In the morning I changed the garlic and band-aids and already the corns were softening. I also noted an analgesic effect from the cloves. In the evening I changed them again and the core of the most long-standing corn came out easily when I tugged on it leaving a small crater. Now tonight all three corns are small craters and I am not sure how much longer I should use the garlic and will it help make granulation tissue? If anyone knows please advise.
Also using garlic with good results so far for gum disease. Thanks all and Earth Clinic.
Replied by Mmsg
Replied by Louwrence
Rustenburg, South Africa
YEA (1) 100%Posted by Kyle (Maple Lake, MN) on 03/27/2008
[YEA] I've found that lanolin which is found in bag balm or udder cream really helps soften corns and made my calluses less rough. Pretty good stuff.
YEA (1) 100%Posted by Todayishine (America, New York) on 01/27/2016
[YEA] Boots lined with faux fur got rid of my corns.
I broke my little toe about October last year. In November, I decided I would buy boots so I would not have worry about the cold air on my feet when my shoes flopped. Once I starting wearing the boots I had NO more foot pain.
The little toe that had been broken, and had been wrapped the most in the castor oil to help the broken toe heal, the corn that had been on that toe was completely gone first. About two week later the remainder of the corn on the other little toe came off. I gave my feet no extra oils or wrapping after I got the boots, because the boots were kind to my feet.
I should also say that, I did get these boots that were lined with fake fur a size bigger than my normal size. They were a no name bran. I have used castor oil and other things to remove my corns before, only to have the corn to shorty grow back. I believe the boots keeps the corns from reocurring, because they do not press on the toe. A day or two when I wanted to look cute I was able to wear fitting shoes with no kind of pain.

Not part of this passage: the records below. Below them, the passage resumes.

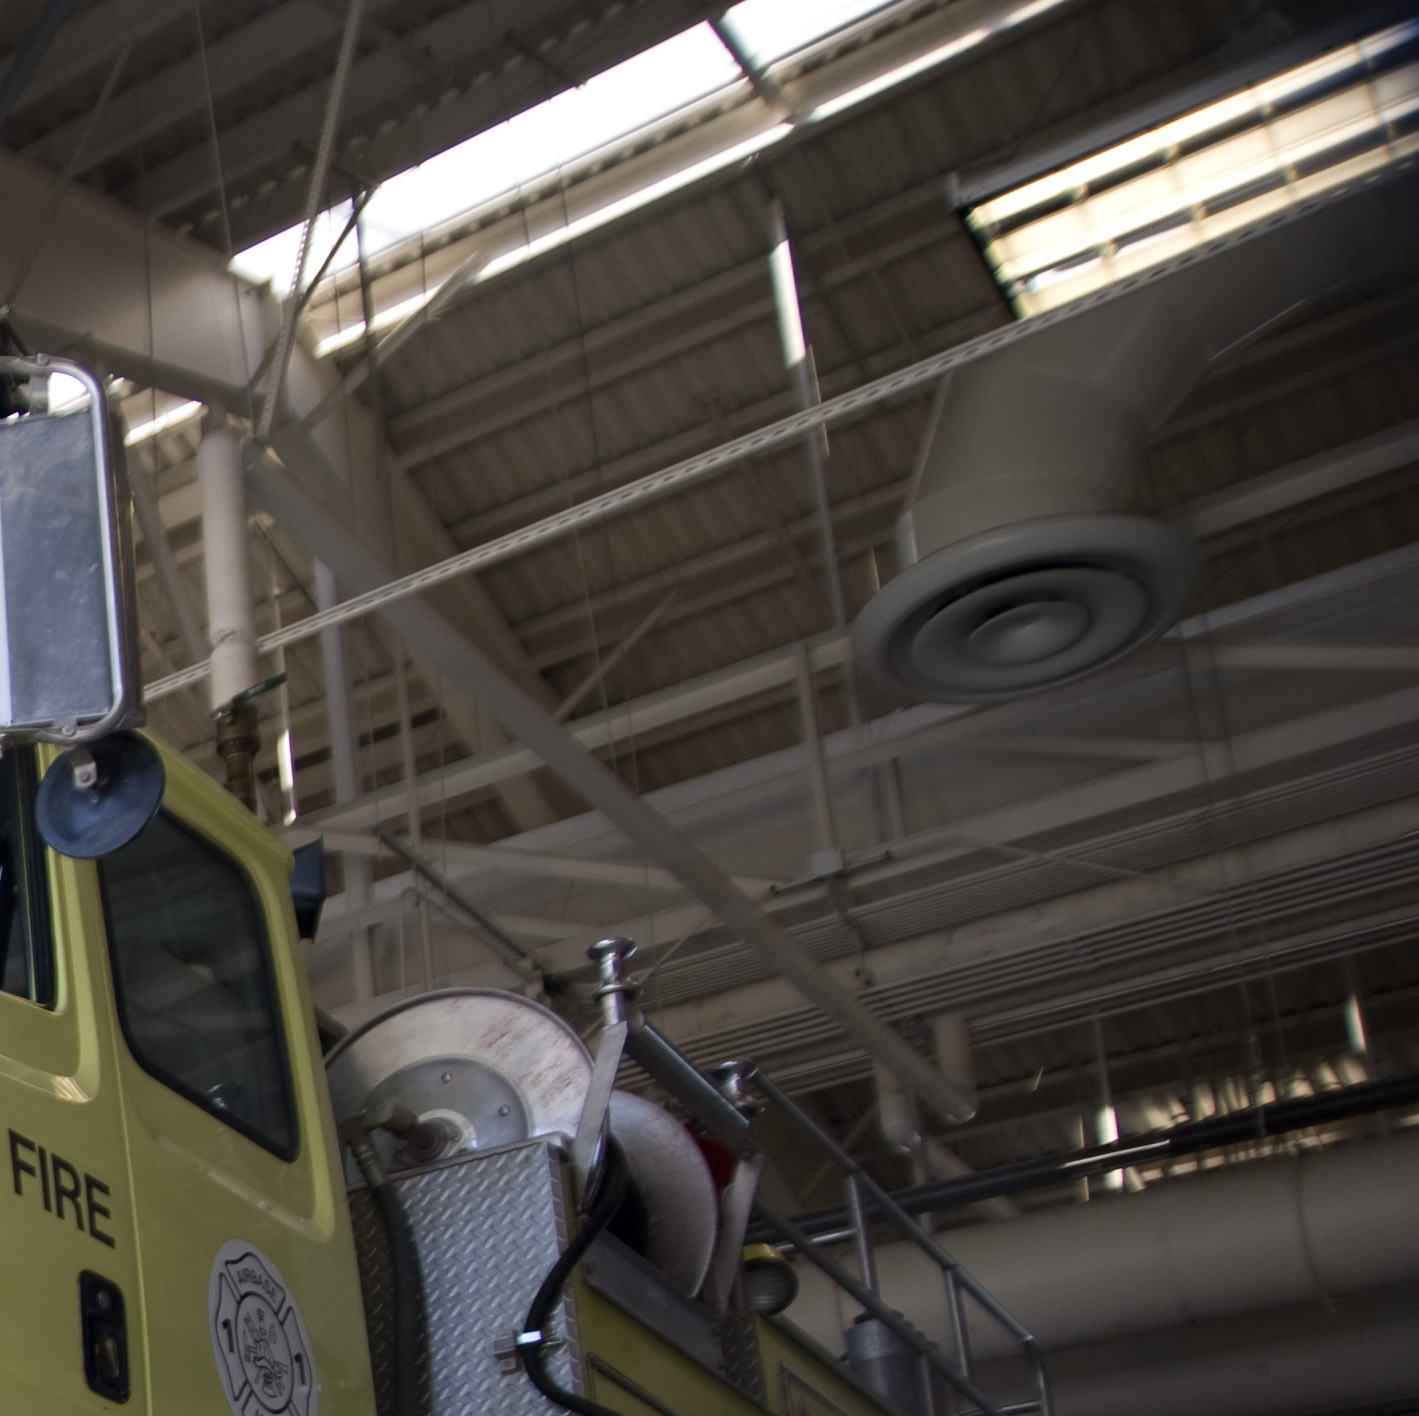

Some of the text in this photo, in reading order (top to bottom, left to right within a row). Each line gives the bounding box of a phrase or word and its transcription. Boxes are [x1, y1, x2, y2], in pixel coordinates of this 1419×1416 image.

[6, 1128, 116, 1249] FIRE
[222, 1318, 235, 1353] 1
[294, 1352, 306, 1386] 1
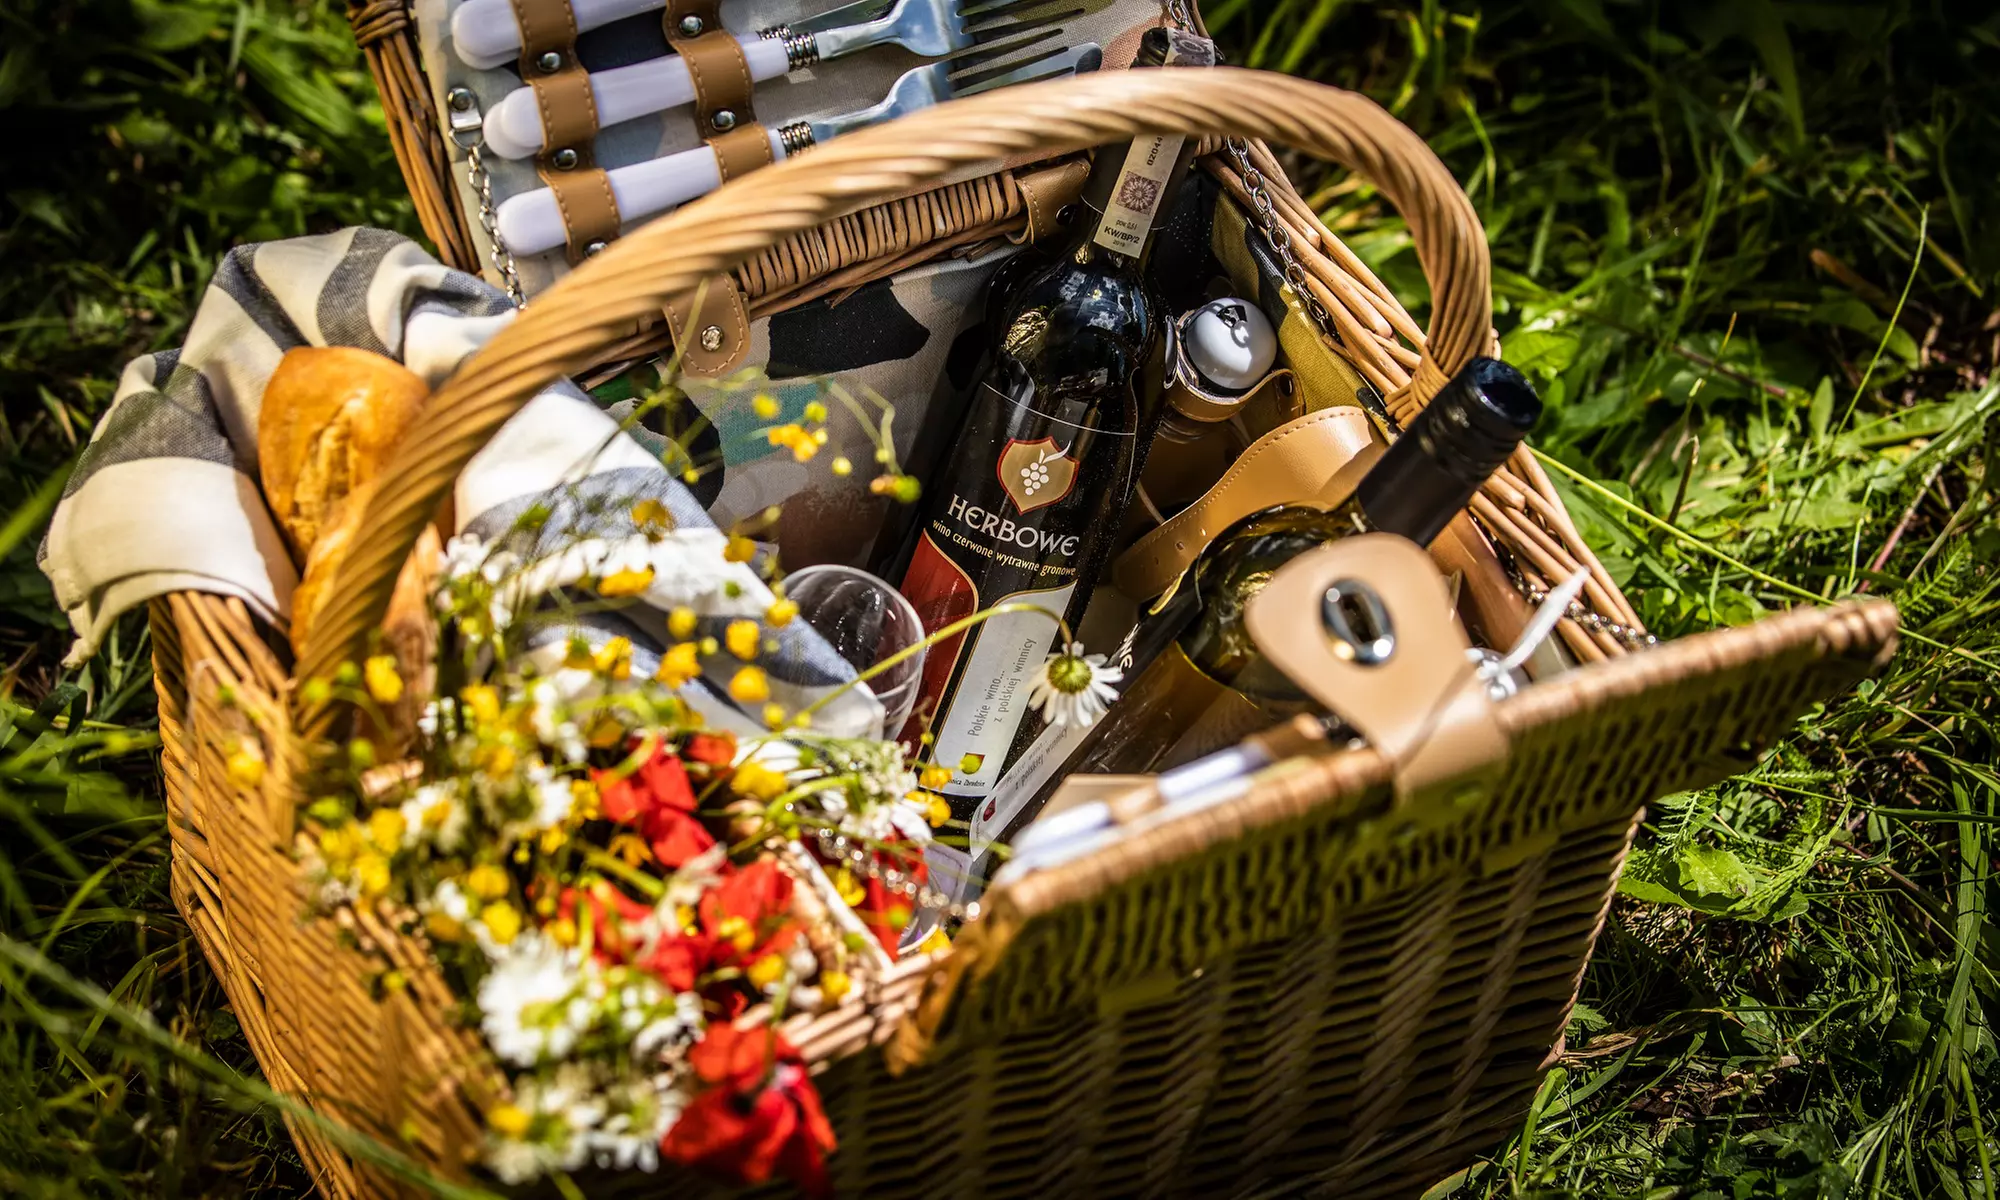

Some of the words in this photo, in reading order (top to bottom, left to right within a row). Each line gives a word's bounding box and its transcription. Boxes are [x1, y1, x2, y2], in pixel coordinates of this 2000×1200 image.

[1104, 226, 1140, 244] KW/BP/2
[932, 519, 951, 537] wino
[952, 533, 993, 559] czerwone
[995, 551, 1040, 573] wytrawne
[1040, 564, 1077, 577] gronowe
[947, 494, 1080, 557] HERBOWE
[967, 704, 991, 736] Polskie
[985, 670, 1005, 701] wino...
[998, 677, 1021, 713] polskiej
[1013, 638, 1037, 673] winnicy
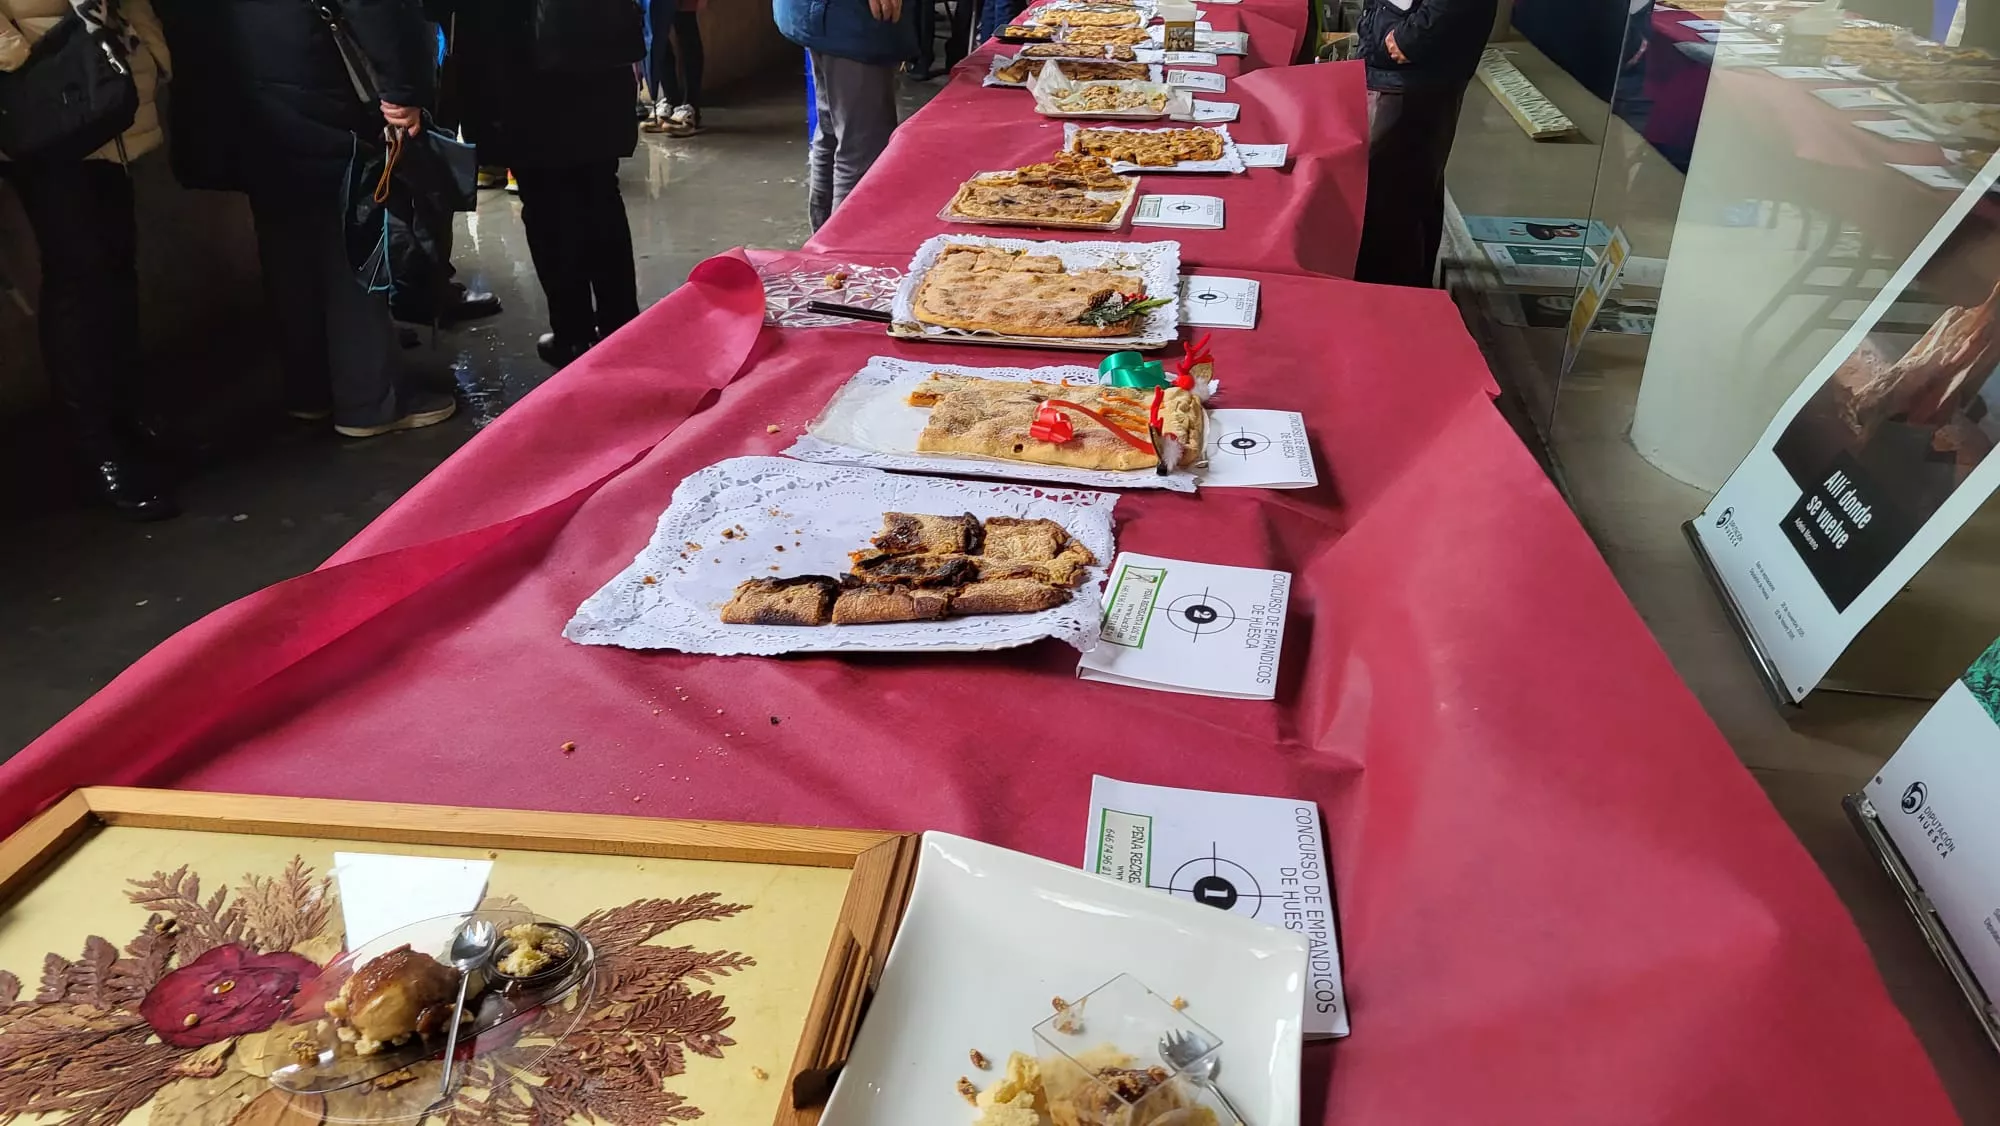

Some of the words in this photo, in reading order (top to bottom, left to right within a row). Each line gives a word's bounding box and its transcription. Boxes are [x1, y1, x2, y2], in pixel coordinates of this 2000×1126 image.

[1823, 470, 1851, 498] Allí
[1838, 488, 1872, 529] donde
[1806, 495, 1822, 516] se
[1816, 507, 1849, 549] vuelve
[1193, 609, 1212, 619] 2
[1251, 604, 1265, 616] DE
[1267, 573, 1286, 614] CONCURSO
[1245, 617, 1263, 649] HUESCA
[1266, 615, 1280, 627] DE
[1256, 629, 1278, 684] EMPANDICOS
[1295, 807, 1320, 879] CONCURSO
[1917, 813, 1948, 859] HUESCA
[1924, 806, 1955, 852] DIPUTACIÓN
[1204, 887, 1229, 899] 1
[1280, 867, 1298, 885] DE
[1303, 885, 1323, 904] DE
[1282, 891, 1304, 932] HUES
[1306, 910, 1336, 1014] EMPANDICOS

YEA (1) 100%Posted by Hussain (islamabad, Pakistan) on 12/30/2007
[YEA] i had corns underneath my foot when i used this remedy for 4 months it worked. first fill a tub with hot water put liquid soap in it that the water turns soapy. then place your foot in the tub for 20-30 min.after that apply a petrolleum jelly on the corn and wear a sock on the foot overnight.then,at morning take off the sock and rub the corn with a pumice stone. be regular.
Replied by Guru
Chennai, Tamil Nadu
YEA (1) 100%Posted by Ann (Pune, India) on 12/09/2008
[YEA] I had a corn on the sole of my feet just below my toe and it had become really painful for almost six months.People suggested getting it operated which i did try but to my horror the corn reappeared at the same place where the surgeon had applied a stitch.Then my family doc suggested me this medicine which requires one to be patient but works real wonders. It is Kerasol-liquid which is some kind of acid and need to be applied on the corn with a thin cotton layer for around thrice daily. You need to pedicure very often and there will be layers of skin peeling off every 7-10 days. Be patient it works.
Replied by Kelly
Replied by Tired Of Meds.
YEA (1) 100%Posted by sunshine90804 (Long Beach, California) on 06/06/2009
[YEA] I used to have what I believe was a corn on the inside of my little toe. My grandmother told me to run my finger around inside my mouth first thing in the morning before I swallowed for the first time, and rub the "spittle" on the corn. I did this several times, and in a relatively short time, (don't remember exactly how long), the corn was gone. I think it was about three weeks to a month. Sounds crazy, but it worked for me, and it never came back. Good Luck! And it costs nothing.